### Data for analysis
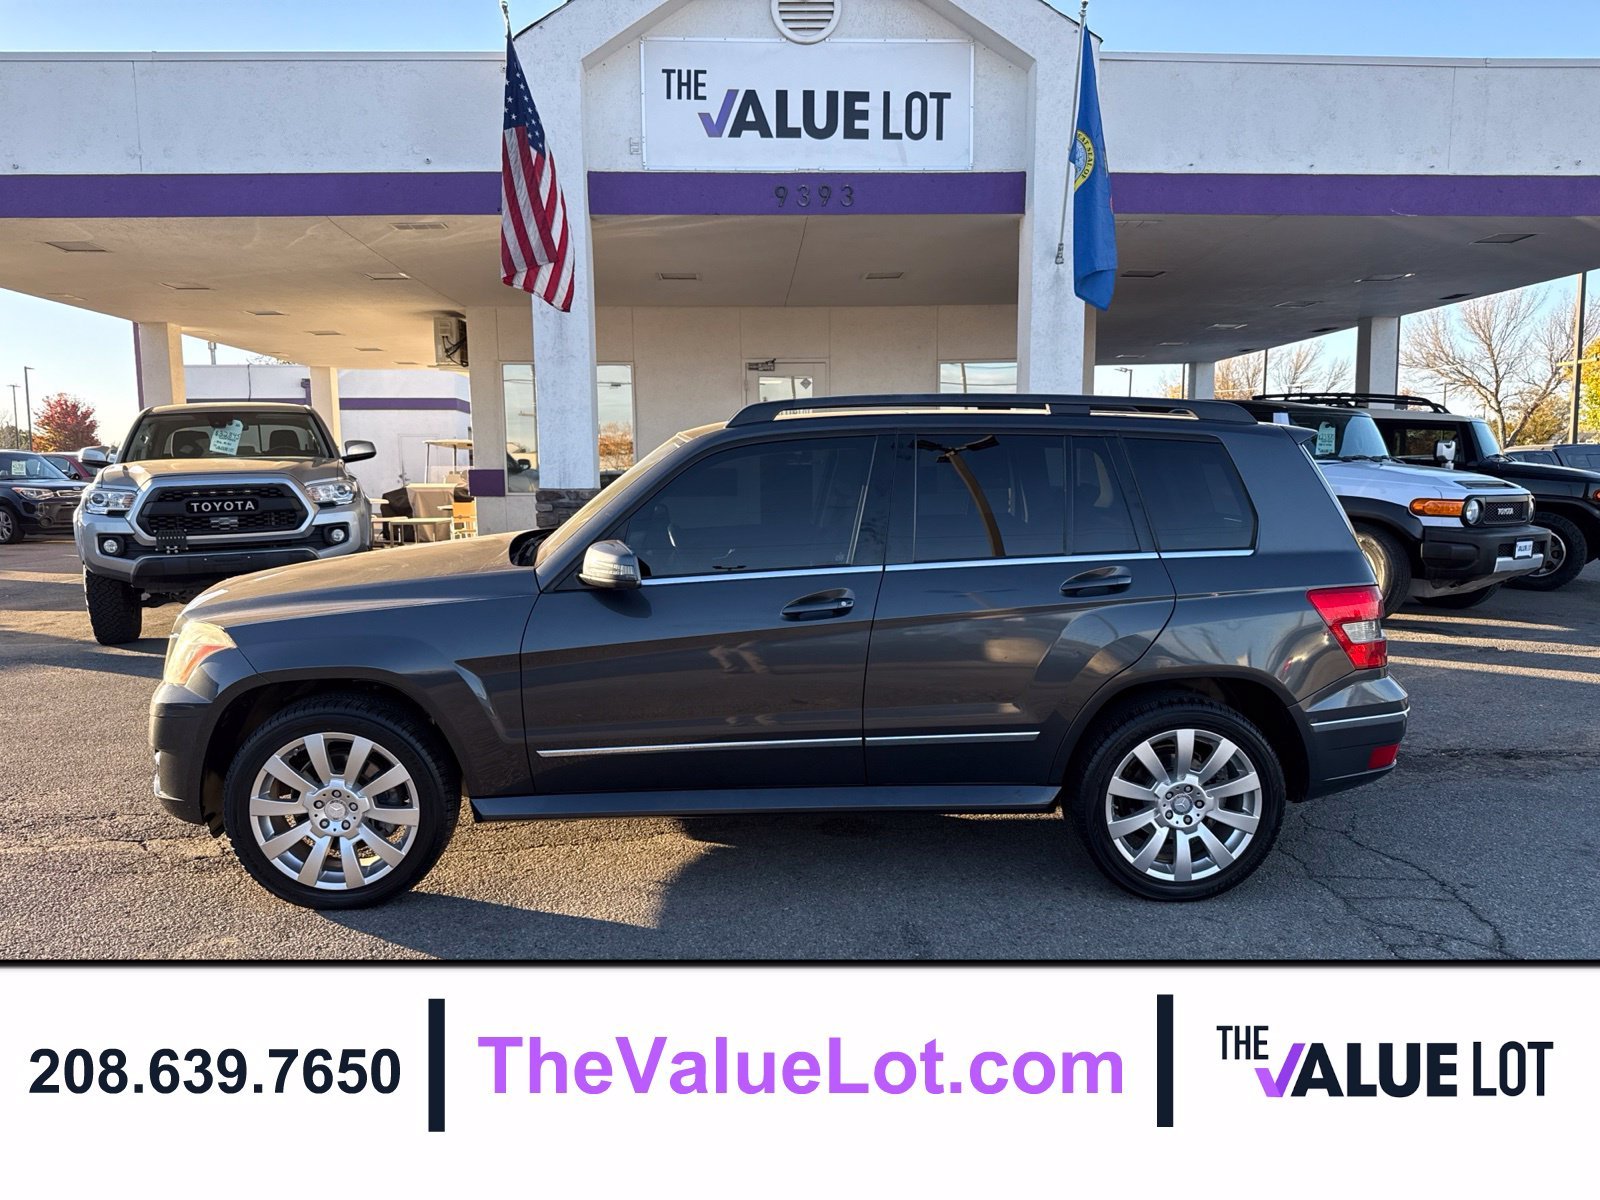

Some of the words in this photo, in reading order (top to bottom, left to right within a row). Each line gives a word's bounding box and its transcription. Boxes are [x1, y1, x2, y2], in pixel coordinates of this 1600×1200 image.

[661, 68, 707, 101] THE
[882, 90, 952, 141] LOT
[774, 184, 855, 208] 9393
[191, 501, 255, 513] TOYOTA
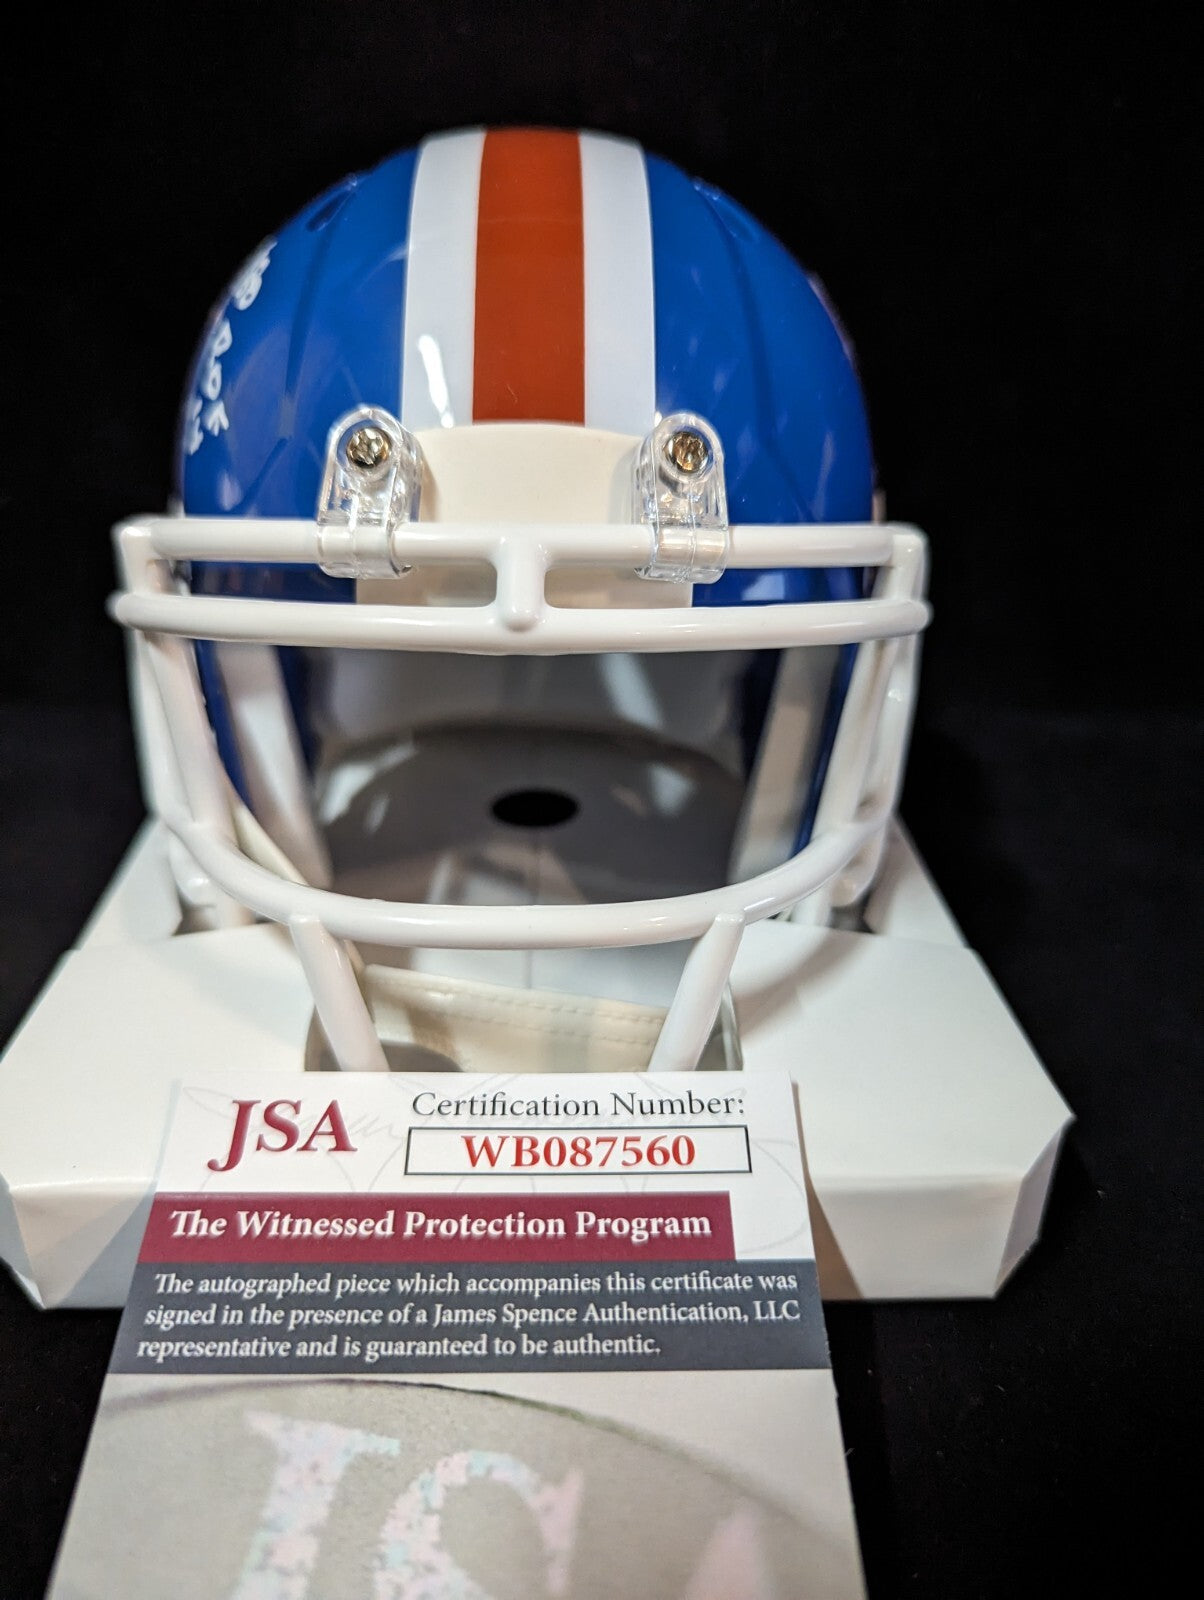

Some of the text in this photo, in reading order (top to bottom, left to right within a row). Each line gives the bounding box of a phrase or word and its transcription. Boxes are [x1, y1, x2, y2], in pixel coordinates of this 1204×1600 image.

[412, 1090, 745, 1117] Certification Number:
[207, 1099, 358, 1172] JSA
[460, 1134, 696, 1168] WB087560
[170, 1209, 712, 1244] The Witnessed Protection Program
[155, 1270, 797, 1300] The autographed piece which accompanies this certificate was
[144, 1300, 800, 1331] signed in the presence of a James Spence Authentication, LLC
[137, 1334, 661, 1364] representative and is guaranteed to be authentic.
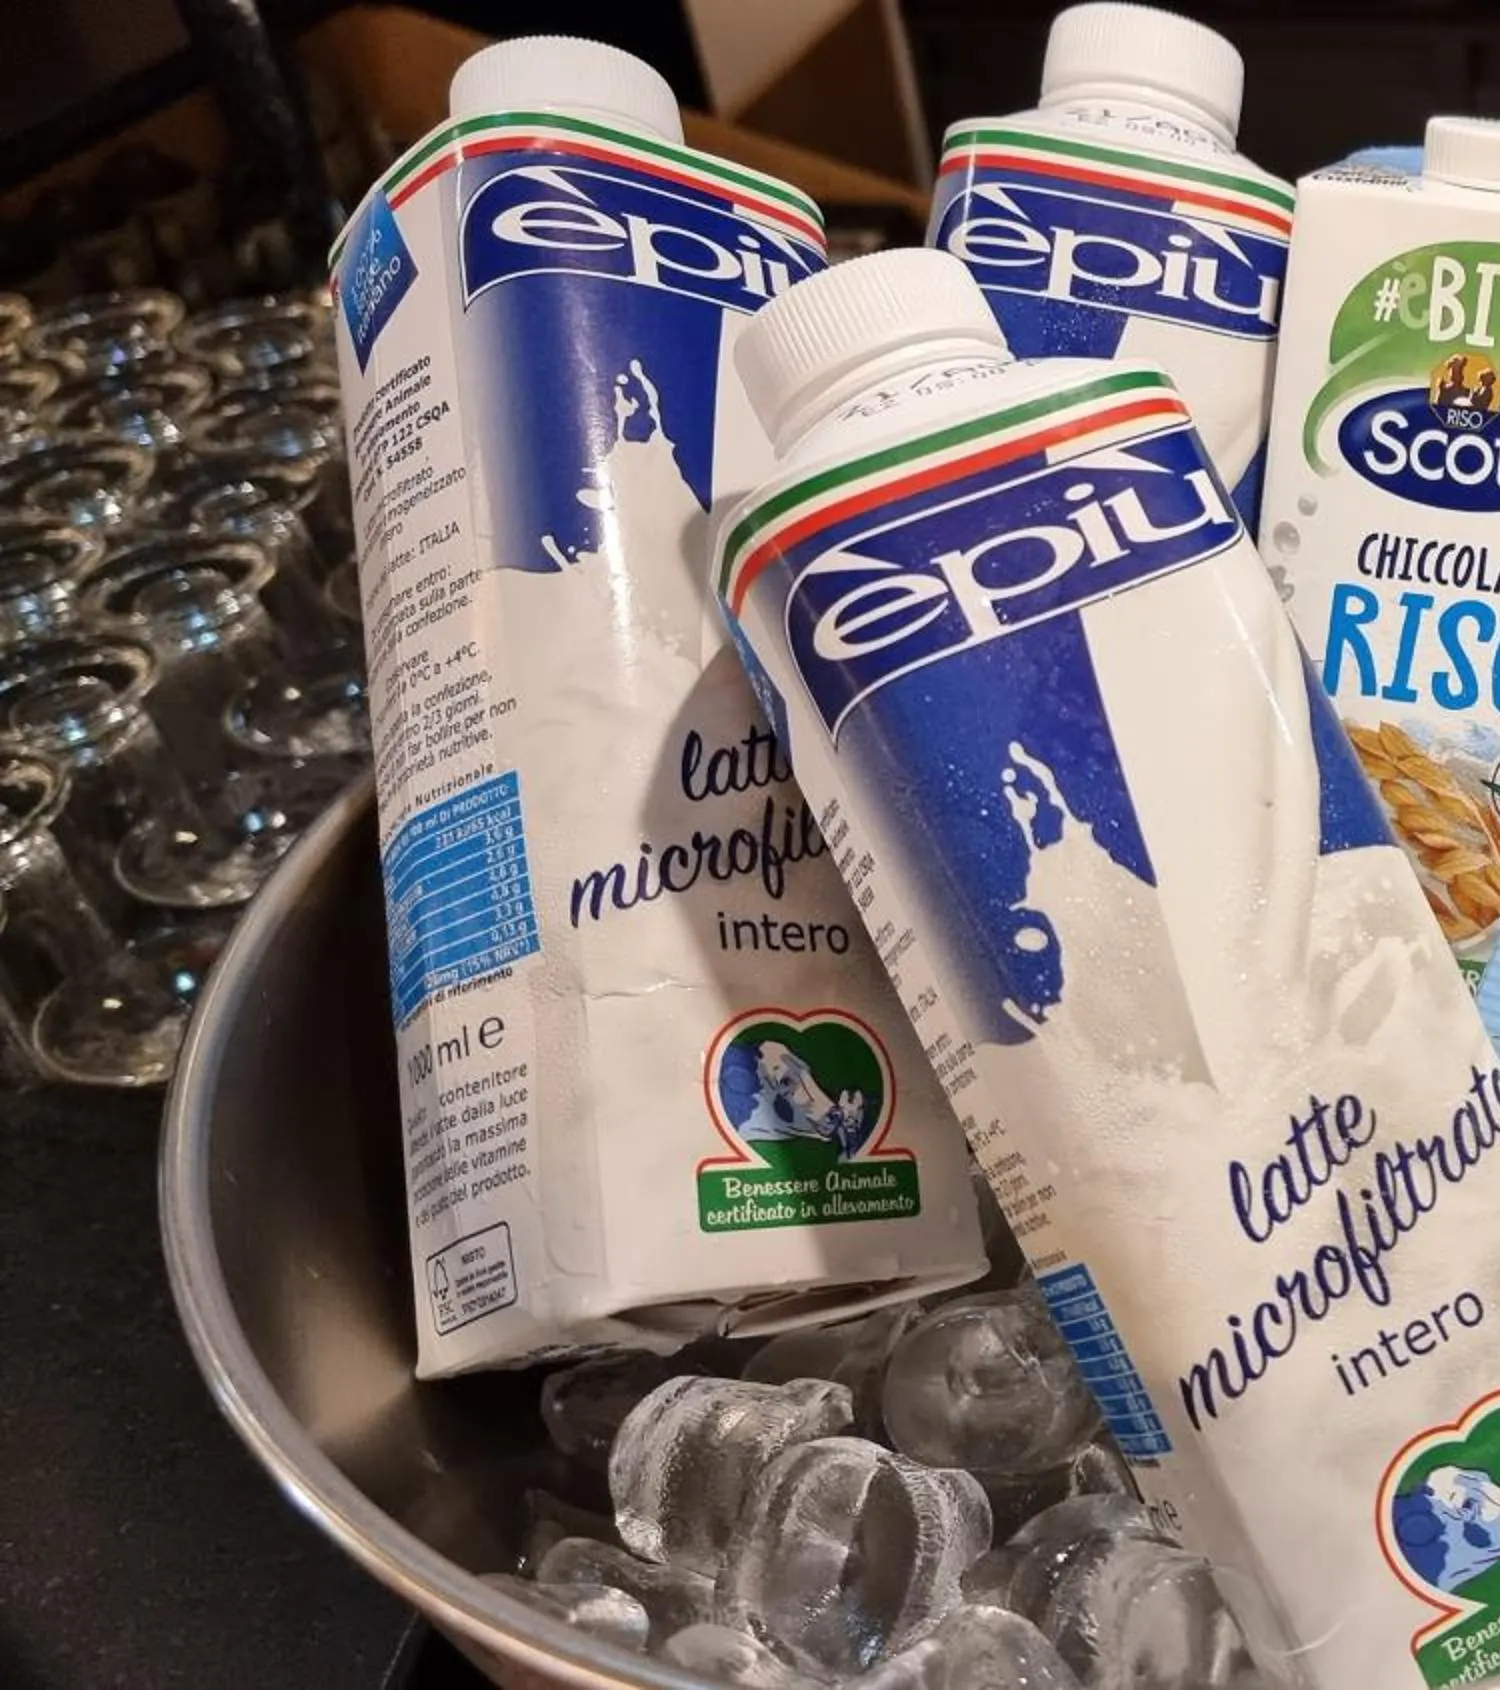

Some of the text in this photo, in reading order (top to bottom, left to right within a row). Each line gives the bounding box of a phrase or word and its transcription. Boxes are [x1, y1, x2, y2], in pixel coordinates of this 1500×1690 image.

### Try it
The whole listing must be restated word for word. Leave out any pictures.

### Your solution
Some of the words in this photo, in reading order (top to bottom, left to right within a row). Each line gives a word's bounding box and its transcription. Boxes are [x1, y1, x2, y2], in pixel coordinates of this 1600×1200 image.

[661, 68, 707, 101] THE
[882, 90, 952, 141] LOT
[774, 184, 855, 208] 9393
[191, 501, 255, 513] TOYOTA

Some of the text in this photo, in reading order (top to bottom, left to right within a row). Each line gives the bounding box of a phrase or word and its transcription. Boxes are [x1, y1, x2, y2], in pixel coordinates of this 1204×1600 image.

[412, 1090, 745, 1117] Certification Number:
[207, 1099, 358, 1172] JSA
[460, 1134, 696, 1168] WB087560
[170, 1209, 712, 1244] The Witnessed Protection Program
[155, 1270, 797, 1300] The autographed piece which accompanies this certificate was
[144, 1300, 800, 1331] signed in the presence of a James Spence Authentication, LLC
[137, 1334, 661, 1364] representative and is guaranteed to be authentic.

Some of the text in this photo, in reading order (top to bottom, left to right within a row). Each line gives the bounding box of a phrase or word and its transcription. Boxes are [x1, y1, x2, y2], in pixel coordinates of this 1500×1690 image.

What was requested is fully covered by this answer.